La mala noticia es que la epidemia exige el control de movimientos de 1.400 millones de personas; la buena, que a China le sobra entrenamiento. La distopía orwelliana es una aliada imprescindible en la guerra. No se duda de su eficacia en el cumplimiento de la cuarentena y la caída de contagios. En la epidemia del SARS, China aún era conocida por sus manufacturas de escaso valor añadido; ahora lidera sectores tecnológicos como los drones, la inteligencia artificial o el big data que subliman la vigilancia electrónica. Esa maquinaria está ahora en el escaparate.

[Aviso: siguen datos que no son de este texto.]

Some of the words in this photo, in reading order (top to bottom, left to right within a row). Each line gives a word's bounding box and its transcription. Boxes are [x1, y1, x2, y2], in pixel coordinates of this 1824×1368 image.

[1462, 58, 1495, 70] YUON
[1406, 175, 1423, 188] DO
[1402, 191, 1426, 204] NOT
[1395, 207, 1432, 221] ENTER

El reconocimiento facial es ubicuo en estaciones de tren, aeropuertos, hoteles y calles. Ocho de las diez ciudades del mundo con mayor densidad de cámaras son chinas y Wuhan, el epicentro de la epidemia, es la octava. Al despliegue previo se suman estos días los nuevos artilugios de una industria mimada por Pekín. Allí se prueba un sistema que detecta la fiebre de viandantes con cámaras térmicas y reconocimiento facial y corporal: hasta 15 personas por segundo a una distancia de cinco metros del dispositivo. Otro instalado en las entradas de los edificios públicos atina con las identificaciones incluso con las obligatorias máscaras cuando en los albores de la crisis se había descubierto que su éxito se derrumbaba hasta el 30%. Y la empresa Zhejiang Dahua sostiene que determina la temperatura con un margen de error de apenas 0,3 grados.

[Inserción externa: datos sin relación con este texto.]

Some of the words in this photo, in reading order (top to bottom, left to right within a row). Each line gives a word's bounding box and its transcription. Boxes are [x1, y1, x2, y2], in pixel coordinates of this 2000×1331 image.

El uso del teléfono para cualquier pago permite trazar los pasos de cualquier ciudadano. La aplicación Wechat, la versión nacional del Whatsapp, ofrece un mapa actualizado con las viviendas de los contagiados. Frente a sus puertas se han colocado cámaras que detectan formas humanas y dan la alarma si el recluso sale de casa o se escuchan ruidos sospechosos. Otra app con acceso a los registros del Ministerio de Transporte permite que cada usuario consulte si ha compartido autobús o avión con un contagiado.

febril / El Gobierno hubo de satisfacer durante décadas su obsesión por el control y la seguridad con métodos pedestres, pero el desarrollo tecnológico ha disparado su sofisticación. No tranquilizan sus etéreas leyes sobre protección de datos ni su escaso tacto con cualquier elemento que perciba como hostil. China no camina sola hacia el Gran hermano pero ningún Gobierno muestra esa atención entomológica ni la febril acumulación de datos.

Nunca han debatido los chinos los límites entre la seguridad y la privacidad. Son formas diferentes de entender al individuo y la sociedad, al progreso y el poder. Es seguro que la alianza quedará fortalecida tras compartir trinchera contra el coronavirus.